Faith Engages Head & Heart: Watching The Chosen

Like the White Rabbit in Alice in Wonderland, I’m late to the party. This in contrast to my past professional life of mastering the discipline of punctuality and pursuing an on-time arrival for all my appointments. Ensuring I was never tardy for my party of meeting after meeting; flight after flight. My life was all about chasing stuff and then chasing more stuff.  

Like all prodigal children, I would finally humble my heart and find my way out of the darkness. Guided by God’s everlasting light of unconditional love for all his children. My heart glad; my whole being rejoicing. An adult born again.

With this metamorphosis, I’m trying to be purposeful with the substance I digest. The stuff I read, watch and listen too. Cultivating content that bears good fruit as I tend to my spiritual garden.

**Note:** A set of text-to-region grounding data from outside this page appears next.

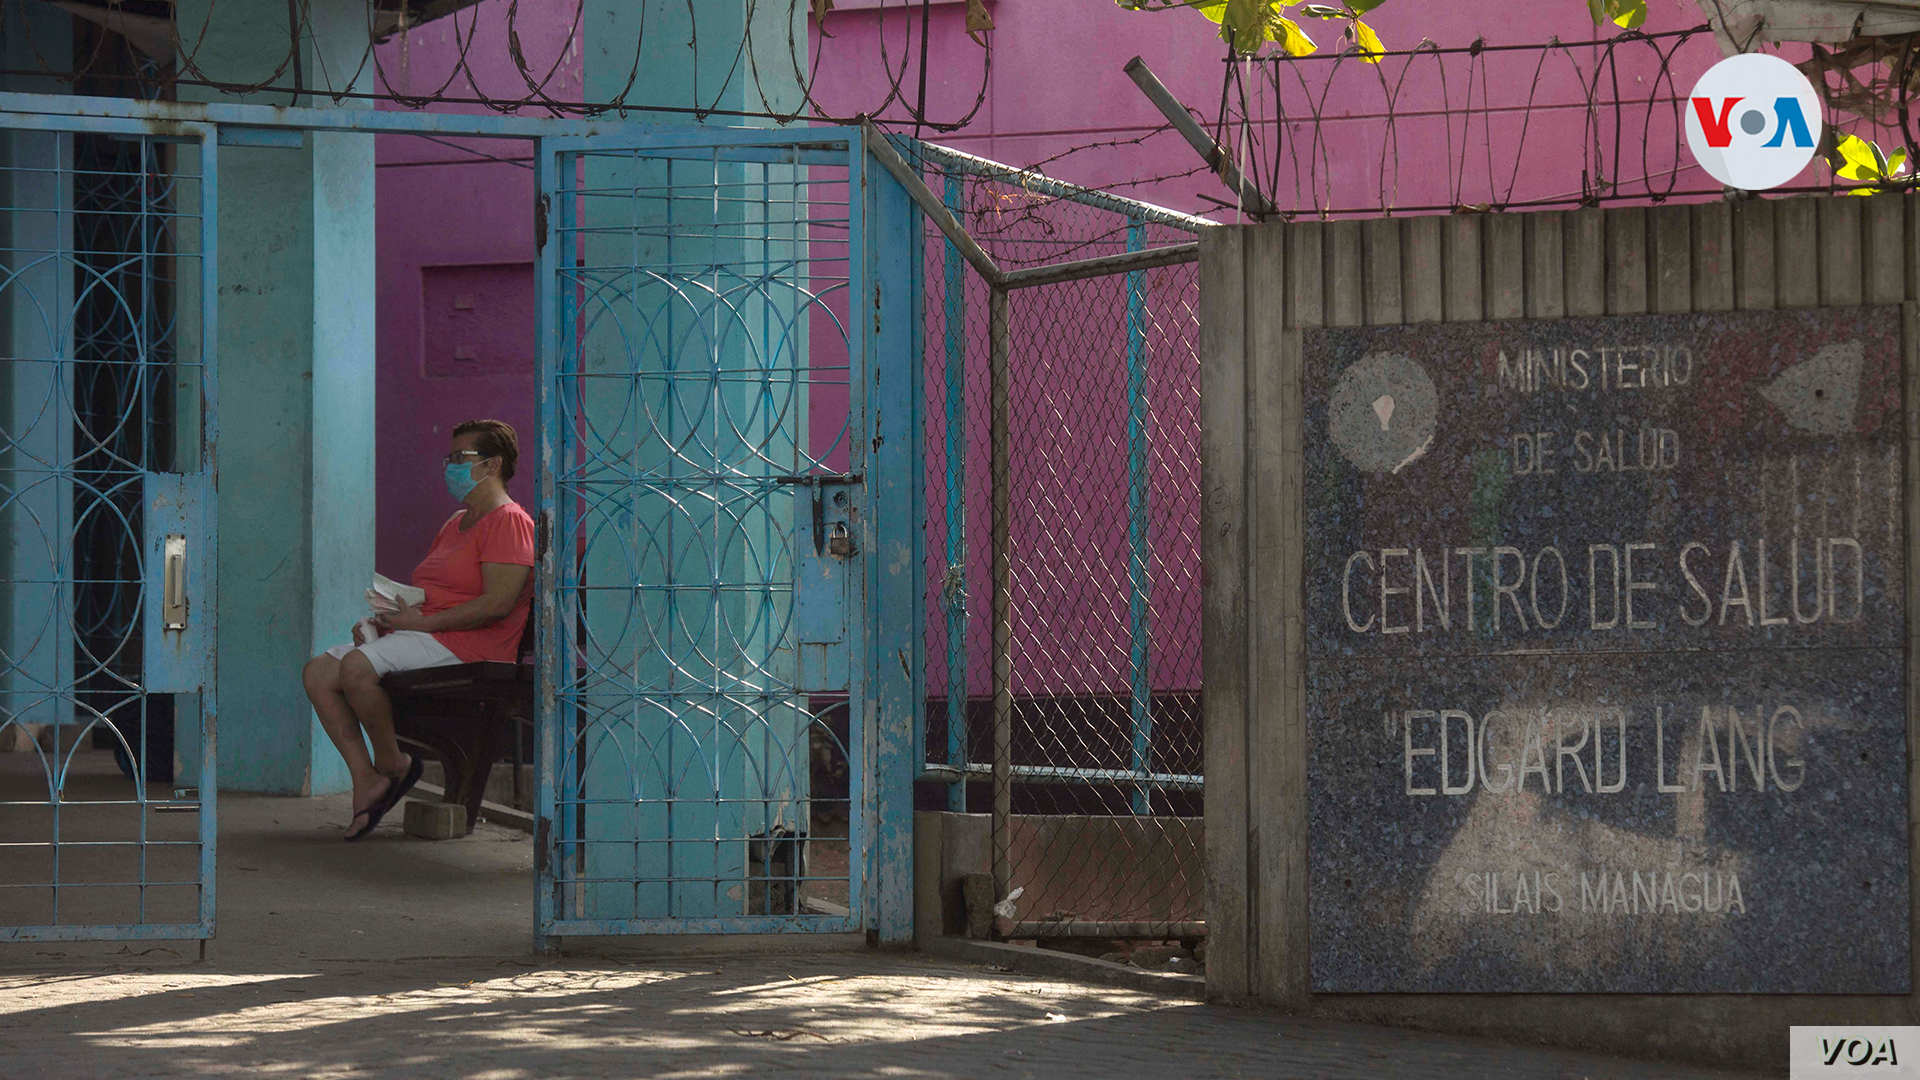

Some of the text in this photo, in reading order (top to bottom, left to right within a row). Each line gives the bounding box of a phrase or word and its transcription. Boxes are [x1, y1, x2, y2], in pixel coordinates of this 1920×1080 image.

[1499, 345, 1693, 392] MINISTERIO
[1513, 428, 1680, 475] DE SALUD
[1342, 537, 1864, 635] CENTRO DE SALUD
[1656, 703, 1807, 794] LANG
[1465, 870, 1747, 915] SILAIS MANAGUA
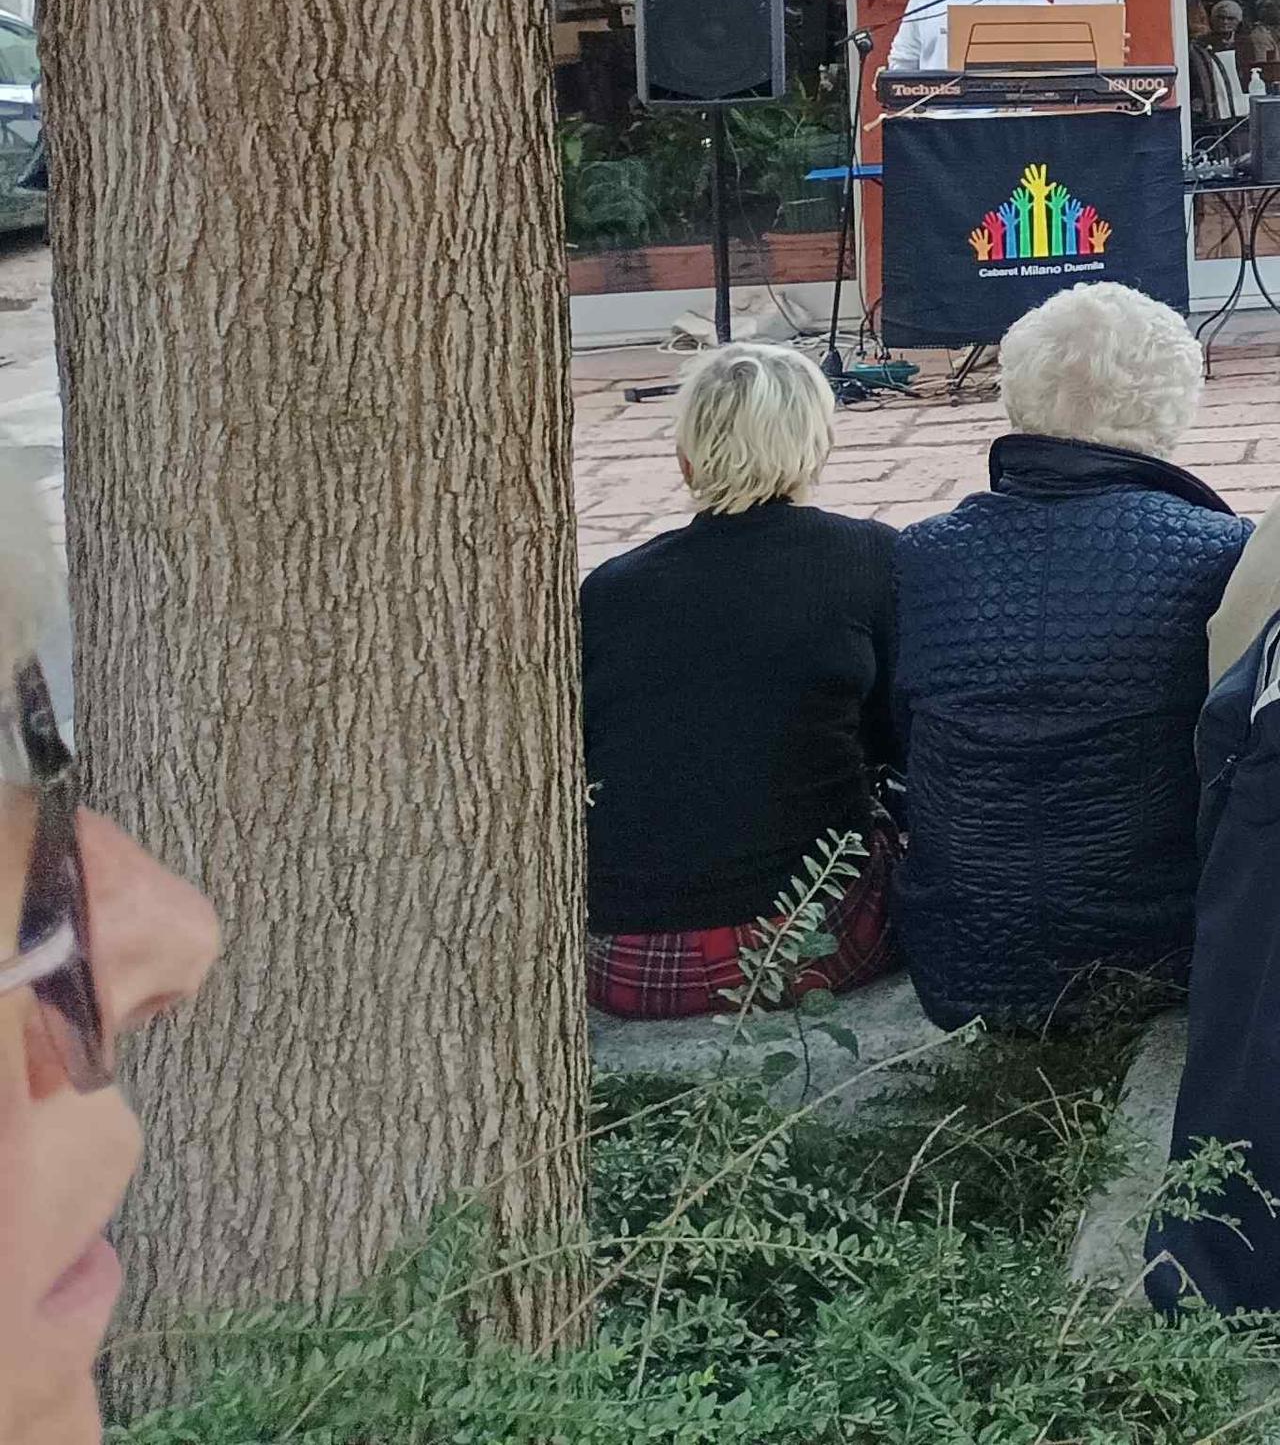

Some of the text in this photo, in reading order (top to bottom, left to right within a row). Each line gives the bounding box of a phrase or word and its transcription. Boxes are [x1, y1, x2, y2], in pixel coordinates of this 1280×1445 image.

[891, 84, 961, 96] Technics
[978, 261, 1105, 278] Cabaret Milano Duemila

Returning to the well spring of Western wisdom literature; the Bible. The ultimate guidebook on how to live a Love centered life. Reading and listening to the Word with fresh eyes and new ears. Understanding that wisdom begins with a humbled heart and faith is not only a cerebral exercise.

My past intellectual snobbery surrendered, I’m trying to find a balance between mind and heart. Gifts from God that set us apart from other creatures; gifts susceptible to their own corruption when we disconnect parts of our body from one another. God seeks our whole being, not pieces.  

Recently, my friend Jess recommended the TV series The Chosen. An adaptation and depiction of the life of Jesus based on the Gospels. A program I would have ridiculed in my past life. Not only because of my non-existent belief in God, but because my heart was closed to feeling anything outside of itself.

Now understanding that faith runs through our hearts, not our heads. Cognizant that our emotions and experiences are inseparable from our experience as humans. Expressive language that shapes all our stories and our relationship with God and with one another.

This insight has helped me to be more compassionate, more empathic, and more like the person God intends me to be. Honoring God not only with my lips but with my heart. Loving God and neighbor.

Watching The Chosen has helped me reconnect with the Gospels as a human experience, not a purely intellectual exercise. Remembering that these are real people. People who inhaled and exhaled on the same earth we breath on. No longer one-dimensional characters whose sole purpose is to teach us about God, they’ve been resurrected as multi-dimensional human beings, like you and me.

Struggling to understand and live Jesus’s challenging messages of love your neighbor and love your enemy. While living under a brutal occupying power, abject poverty and a religious establishment that in many ways hasn’t changed.

Everyone portrayed in The Chosen is consistent with the Gospel narratives. Children of God who have their own blind spots, temptations, moral failings, and everyday struggles. People who God loves unconditionally; People just like us.   

People very much like his first followers who worry about the future. Wondering aloud how we’ll feed and shelter ourselves and our families. Wrapped up in the political drama of our day that’s represented by another corrupt passing kingdom that’s anti-Love.

We find ourselves among people who demand that God should act in a way that conforms to their understanding and expectations on how the world should be like Job and Jonah demanded. People who judge the flaws of others, but are blind to their own faults. Believing they have some moral authority even when Jesus is unmistakably clear we have all fallen short and that God alone is judge, not you or me or anyone else.

Its far easier to post “Christ is King” as opposed to living a life of love, humble humility, and generous grace. Christ is King by my words AND actions. When I love my neighbor, including those who hate me like Jesus was hated. An upside-down kingdom that begins in the beginning and runs through the grave until we find ourselves eternally alive in Love.

The Chosen reminding me that parables employ powerful visuals; egalitarian wisdom. The Chosen reiterating that we and other humans create barriers that only impede faith with intellectual pretentiousness or holier than thou elitism. The Chosen recalling that you can know and recite every verse in the Bible and still no nothing about the message of Jesus. A deceit of the Devil in the wilderness and the Evil in our hearts to justify the crucifixion of other humans.

Faith engages both head and heart. It’s alive when we live a life in service to Love. A life I’m trying to lead. A struggle that’s easier when I’m reminded that even those who personally knew Jesus struggled as well.

A struggle that is the only path if we truly seek a kingdom of Love. A kingdom God wants all people to participate in because God loves all people. So much so, that God gave His only begotten Son.